Listed records section start

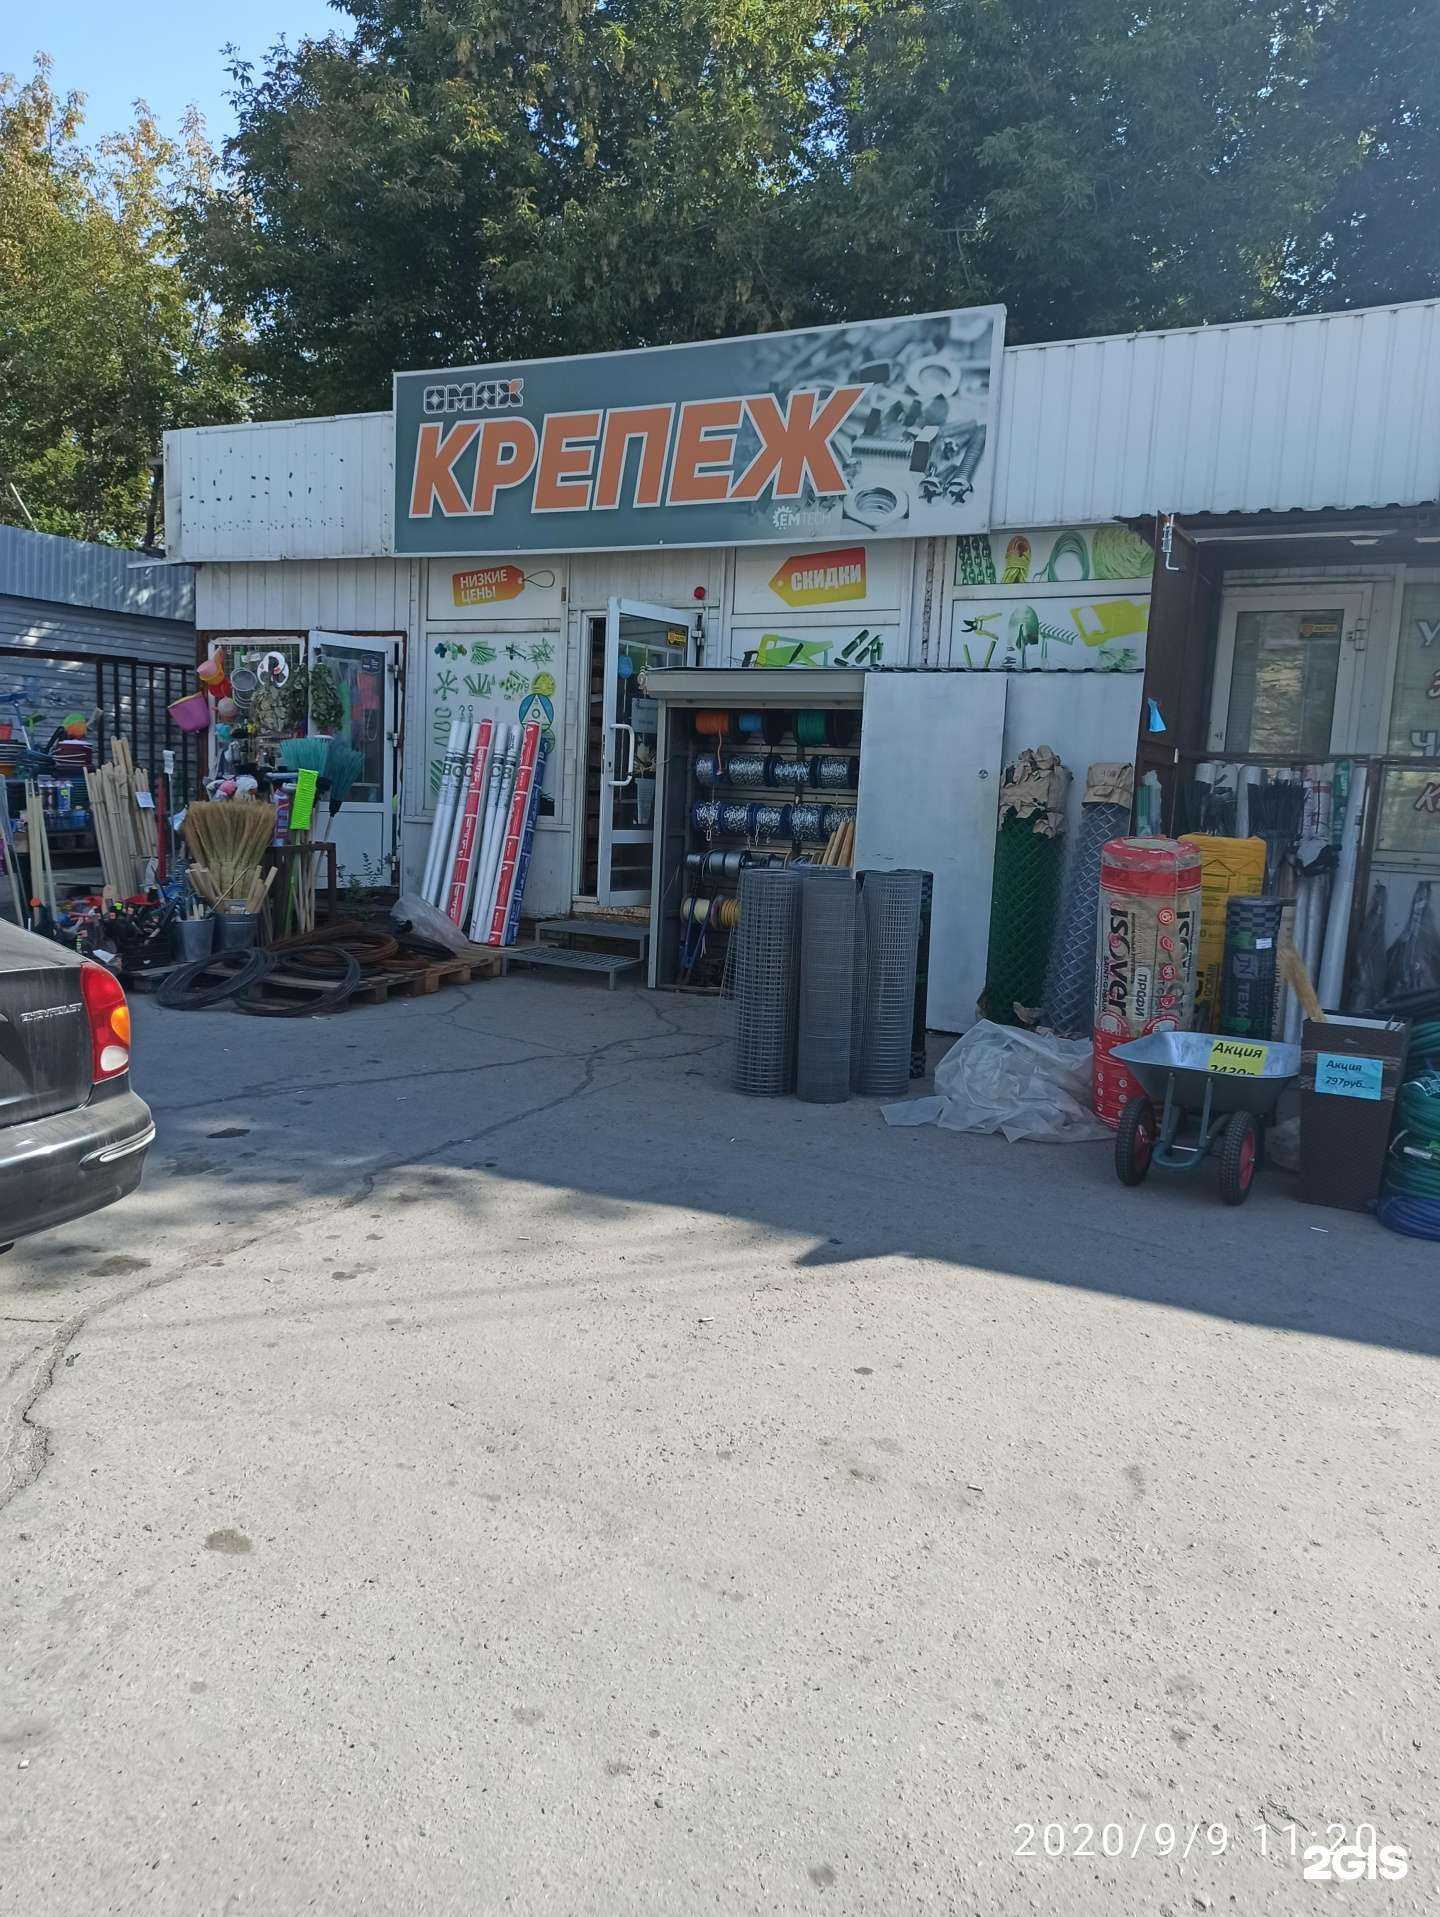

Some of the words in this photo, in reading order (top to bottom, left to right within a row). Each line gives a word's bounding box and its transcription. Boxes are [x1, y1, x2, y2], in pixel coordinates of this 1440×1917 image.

[424, 378, 524, 415] OMAX
[408, 382, 873, 519] КРЕПЕЖ
[460, 569, 508, 589] НИЗКИЕ
[791, 563, 861, 592] СКИДКИ
[461, 585, 497, 605] ЦЕНЫ
[1212, 1042, 1263, 1059] Акция
[1326, 1059, 1362, 1073] Акция
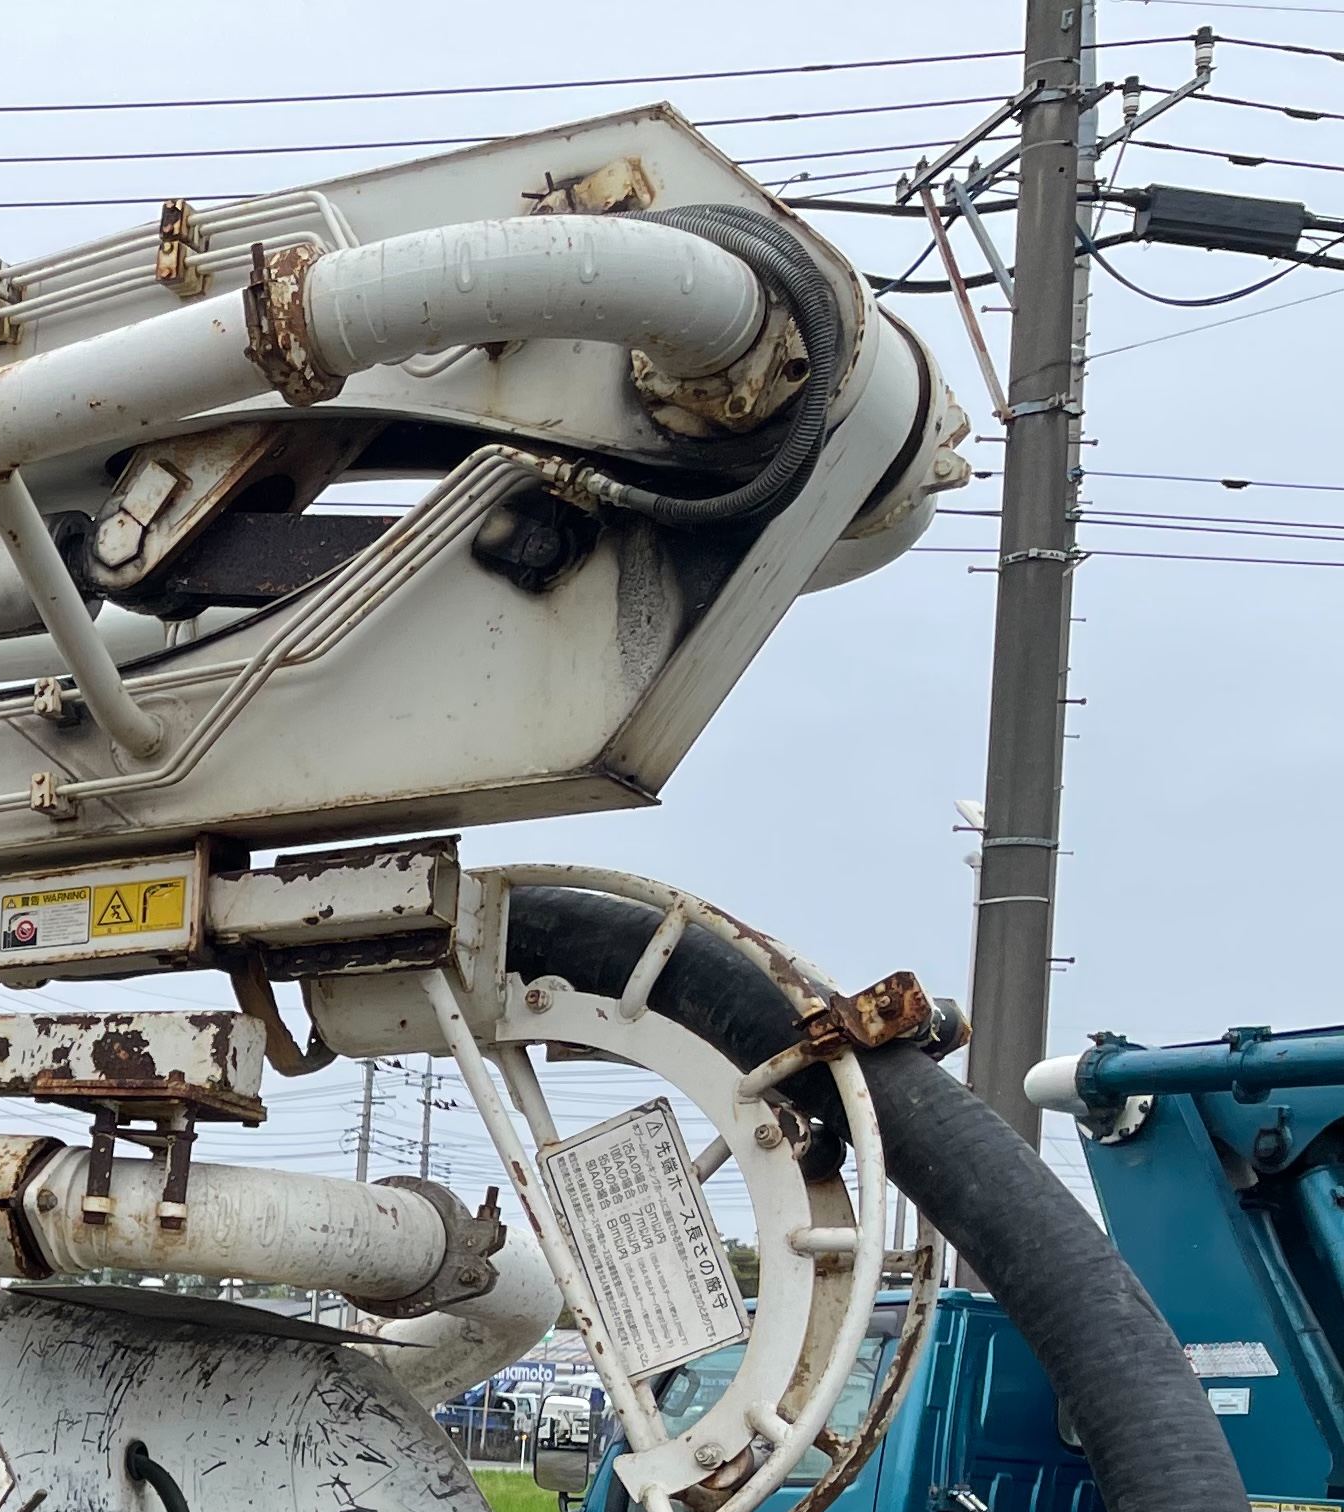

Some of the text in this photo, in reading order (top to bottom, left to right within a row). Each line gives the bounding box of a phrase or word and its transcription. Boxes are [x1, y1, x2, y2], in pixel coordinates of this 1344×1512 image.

[43, 889, 86, 903] WARNING
[653, 1139, 730, 1313] 先端ホース長さの厳守
[496, 1363, 553, 1382] namoto

Listed records section end

Task directions:
Would you write out the data exactly, with no pictures in the copy?

Task answer:
Some of the words in this photo, in reading order (top to bottom, left to right within a row). Each line gives a word's bounding box and its transcription. Boxes are [x1, y1, x2, y2], in pixel coordinates of this 1440×1917 image.

[424, 378, 524, 415] OMAX
[408, 382, 873, 519] КРЕПЕЖ
[460, 569, 508, 589] НИЗКИЕ
[791, 563, 861, 592] СКИДКИ
[461, 585, 497, 605] ЦЕНЫ
[1212, 1042, 1263, 1059] Акция
[1326, 1059, 1362, 1073] Акция

Some of the text in this photo, in reading order (top to bottom, left to right within a row). Each line gives the bounding box of a phrase or word and its transcription. Boxes are [x1, y1, x2, y2], in pixel coordinates of this 1344×1512 image.

[43, 889, 86, 903] WARNING
[653, 1139, 730, 1313] 先端ホース長さの厳守
[496, 1363, 553, 1382] namoto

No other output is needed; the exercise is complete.